══ ENTRIES SHOWN

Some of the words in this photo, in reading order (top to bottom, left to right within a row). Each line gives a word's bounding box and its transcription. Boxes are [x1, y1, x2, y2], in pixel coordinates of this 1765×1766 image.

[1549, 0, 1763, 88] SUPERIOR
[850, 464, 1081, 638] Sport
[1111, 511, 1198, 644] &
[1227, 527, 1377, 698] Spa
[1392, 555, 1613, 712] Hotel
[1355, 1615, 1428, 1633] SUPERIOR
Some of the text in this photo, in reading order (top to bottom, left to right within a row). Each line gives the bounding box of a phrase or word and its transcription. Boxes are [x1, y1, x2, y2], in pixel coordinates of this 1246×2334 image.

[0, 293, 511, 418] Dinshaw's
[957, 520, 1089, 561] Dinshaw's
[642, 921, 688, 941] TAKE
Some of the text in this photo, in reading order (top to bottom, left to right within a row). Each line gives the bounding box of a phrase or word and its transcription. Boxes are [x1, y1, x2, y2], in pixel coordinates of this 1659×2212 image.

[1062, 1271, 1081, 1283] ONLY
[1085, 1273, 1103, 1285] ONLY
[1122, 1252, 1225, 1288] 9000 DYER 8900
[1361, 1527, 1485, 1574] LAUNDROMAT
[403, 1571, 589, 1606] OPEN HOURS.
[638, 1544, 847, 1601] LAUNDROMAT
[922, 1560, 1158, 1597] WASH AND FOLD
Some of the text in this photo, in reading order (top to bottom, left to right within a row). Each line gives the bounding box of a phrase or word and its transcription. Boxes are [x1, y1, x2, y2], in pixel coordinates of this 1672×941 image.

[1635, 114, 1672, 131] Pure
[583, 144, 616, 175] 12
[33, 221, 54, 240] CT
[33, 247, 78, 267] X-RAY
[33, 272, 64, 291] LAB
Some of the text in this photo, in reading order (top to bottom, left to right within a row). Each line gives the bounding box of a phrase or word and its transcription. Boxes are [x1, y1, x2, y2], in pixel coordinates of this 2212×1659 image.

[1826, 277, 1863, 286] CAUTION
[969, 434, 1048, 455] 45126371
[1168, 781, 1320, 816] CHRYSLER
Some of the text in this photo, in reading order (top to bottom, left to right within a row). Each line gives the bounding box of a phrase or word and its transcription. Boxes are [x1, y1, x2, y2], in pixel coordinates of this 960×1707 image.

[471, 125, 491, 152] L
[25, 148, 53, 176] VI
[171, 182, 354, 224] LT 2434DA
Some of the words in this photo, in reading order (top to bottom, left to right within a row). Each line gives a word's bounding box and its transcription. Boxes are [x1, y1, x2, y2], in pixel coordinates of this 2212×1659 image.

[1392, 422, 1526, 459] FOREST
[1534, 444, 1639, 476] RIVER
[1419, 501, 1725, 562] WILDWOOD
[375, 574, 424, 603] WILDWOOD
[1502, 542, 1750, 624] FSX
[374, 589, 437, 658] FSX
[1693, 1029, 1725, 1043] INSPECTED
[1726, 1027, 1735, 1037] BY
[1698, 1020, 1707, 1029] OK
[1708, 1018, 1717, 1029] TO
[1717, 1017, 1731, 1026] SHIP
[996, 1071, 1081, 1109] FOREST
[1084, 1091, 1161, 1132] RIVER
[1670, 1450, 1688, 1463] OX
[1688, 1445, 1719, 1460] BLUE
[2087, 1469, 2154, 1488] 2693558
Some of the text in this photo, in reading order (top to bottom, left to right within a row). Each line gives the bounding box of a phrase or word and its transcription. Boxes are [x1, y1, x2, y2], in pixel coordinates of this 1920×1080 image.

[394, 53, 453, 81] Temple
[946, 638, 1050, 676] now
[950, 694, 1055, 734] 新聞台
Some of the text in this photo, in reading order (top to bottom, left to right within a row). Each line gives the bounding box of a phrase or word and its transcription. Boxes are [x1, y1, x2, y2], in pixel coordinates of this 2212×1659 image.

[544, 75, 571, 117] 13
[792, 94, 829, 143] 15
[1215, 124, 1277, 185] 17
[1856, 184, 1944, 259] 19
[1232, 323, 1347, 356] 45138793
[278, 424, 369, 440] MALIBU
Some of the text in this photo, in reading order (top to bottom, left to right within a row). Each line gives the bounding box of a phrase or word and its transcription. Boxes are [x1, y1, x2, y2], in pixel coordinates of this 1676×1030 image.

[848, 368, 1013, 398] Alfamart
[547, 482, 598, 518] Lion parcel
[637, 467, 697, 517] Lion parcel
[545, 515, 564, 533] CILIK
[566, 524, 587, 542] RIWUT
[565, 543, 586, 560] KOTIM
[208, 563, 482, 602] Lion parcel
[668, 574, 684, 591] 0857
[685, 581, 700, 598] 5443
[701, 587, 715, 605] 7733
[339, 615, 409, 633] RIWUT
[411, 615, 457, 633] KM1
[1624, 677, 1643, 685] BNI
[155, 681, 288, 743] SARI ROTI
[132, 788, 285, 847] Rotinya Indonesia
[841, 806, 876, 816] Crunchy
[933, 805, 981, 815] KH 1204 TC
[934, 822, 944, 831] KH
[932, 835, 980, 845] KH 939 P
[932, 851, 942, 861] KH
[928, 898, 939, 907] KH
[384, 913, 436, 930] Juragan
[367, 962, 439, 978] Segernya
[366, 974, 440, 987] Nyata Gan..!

════

_WHAT TO PRODUCE_.
Reproduce the data in its entirety. Keep every character unchanged.

_SOLUTION TO THIS PROBLEM_.
Some of the words in this photo, in reading order (top to bottom, left to right within a row). Each line gives a word's bounding box and its transcription. Boxes are [x1, y1, x2, y2], in pixel coordinates of this 1765×1766 image.

[1549, 0, 1763, 88] SUPERIOR
[850, 464, 1081, 638] Sport
[1111, 511, 1198, 644] &
[1227, 527, 1377, 698] Spa
[1392, 555, 1613, 712] Hotel
[1355, 1615, 1428, 1633] SUPERIOR
Some of the text in this photo, in reading order (top to bottom, left to right within a row). Each line gives the bounding box of a phrase or word and its transcription. Boxes are [x1, y1, x2, y2], in pixel coordinates of this 1246×2334 image.

[0, 293, 511, 418] Dinshaw's
[957, 520, 1089, 561] Dinshaw's
[642, 921, 688, 941] TAKE
Some of the text in this photo, in reading order (top to bottom, left to right within a row). Each line gives the bounding box of a phrase or word and its transcription. Boxes are [x1, y1, x2, y2], in pixel coordinates of this 1659×2212 image.

[1062, 1271, 1081, 1283] ONLY
[1085, 1273, 1103, 1285] ONLY
[1122, 1252, 1225, 1288] 9000 DYER 8900
[1361, 1527, 1485, 1574] LAUNDROMAT
[403, 1571, 589, 1606] OPEN HOURS.
[638, 1544, 847, 1601] LAUNDROMAT
[922, 1560, 1158, 1597] WASH AND FOLD
Some of the text in this photo, in reading order (top to bottom, left to right within a row). Each line gives the bounding box of a phrase or word and its transcription. Boxes are [x1, y1, x2, y2], in pixel coordinates of this 1672×941 image.

[1635, 114, 1672, 131] Pure
[583, 144, 616, 175] 12
[33, 221, 54, 240] CT
[33, 247, 78, 267] X-RAY
[33, 272, 64, 291] LAB
Some of the text in this photo, in reading order (top to bottom, left to right within a row). Each line gives the bounding box of a phrase or word and its transcription. Boxes are [x1, y1, x2, y2], in pixel coordinates of this 2212×1659 image.

[1826, 277, 1863, 286] CAUTION
[969, 434, 1048, 455] 45126371
[1168, 781, 1320, 816] CHRYSLER
Some of the text in this photo, in reading order (top to bottom, left to right within a row). Each line gives the bounding box of a phrase or word and its transcription. Boxes are [x1, y1, x2, y2], in pixel coordinates of this 960×1707 image.

[471, 125, 491, 152] L
[25, 148, 53, 176] VI
[171, 182, 354, 224] LT 2434DA
Some of the words in this photo, in reading order (top to bottom, left to right within a row). Each line gives a word's bounding box and its transcription. Boxes are [x1, y1, x2, y2], in pixel coordinates of this 2212×1659 image.

[1392, 422, 1526, 459] FOREST
[1534, 444, 1639, 476] RIVER
[1419, 501, 1725, 562] WILDWOOD
[375, 574, 424, 603] WILDWOOD
[1502, 542, 1750, 624] FSX
[374, 589, 437, 658] FSX
[1693, 1029, 1725, 1043] INSPECTED
[1726, 1027, 1735, 1037] BY
[1698, 1020, 1707, 1029] OK
[1708, 1018, 1717, 1029] TO
[1717, 1017, 1731, 1026] SHIP
[996, 1071, 1081, 1109] FOREST
[1084, 1091, 1161, 1132] RIVER
[1670, 1450, 1688, 1463] OX
[1688, 1445, 1719, 1460] BLUE
[2087, 1469, 2154, 1488] 2693558
Some of the text in this photo, in reading order (top to bottom, left to right within a row). Each line gives the bounding box of a phrase or word and its transcription. Boxes are [x1, y1, x2, y2], in pixel coordinates of this 1920×1080 image.

[394, 53, 453, 81] Temple
[946, 638, 1050, 676] now
[950, 694, 1055, 734] 新聞台
Some of the text in this photo, in reading order (top to bottom, left to right within a row). Each line gives the bounding box of a phrase or word and its transcription. Boxes are [x1, y1, x2, y2], in pixel coordinates of this 2212×1659 image.

[544, 75, 571, 117] 13
[792, 94, 829, 143] 15
[1215, 124, 1277, 185] 17
[1856, 184, 1944, 259] 19
[1232, 323, 1347, 356] 45138793
[278, 424, 369, 440] MALIBU
Some of the text in this photo, in reading order (top to bottom, left to right within a row). Each line gives the bounding box of a phrase or word and its transcription. Boxes are [x1, y1, x2, y2], in pixel coordinates of this 1676×1030 image.

[848, 368, 1013, 398] Alfamart
[547, 482, 598, 518] Lion parcel
[637, 467, 697, 517] Lion parcel
[545, 515, 564, 533] CILIK
[566, 524, 587, 542] RIWUT
[565, 543, 586, 560] KOTIM
[208, 563, 482, 602] Lion parcel
[668, 574, 684, 591] 0857
[685, 581, 700, 598] 5443
[701, 587, 715, 605] 7733
[339, 615, 409, 633] RIWUT
[411, 615, 457, 633] KM1
[1624, 677, 1643, 685] BNI
[155, 681, 288, 743] SARI ROTI
[132, 788, 285, 847] Rotinya Indonesia
[841, 806, 876, 816] Crunchy
[933, 805, 981, 815] KH 1204 TC
[934, 822, 944, 831] KH
[932, 835, 980, 845] KH 939 P
[932, 851, 942, 861] KH
[928, 898, 939, 907] KH
[384, 913, 436, 930] Juragan
[367, 962, 439, 978] Segernya
[366, 974, 440, 987] Nyata Gan..!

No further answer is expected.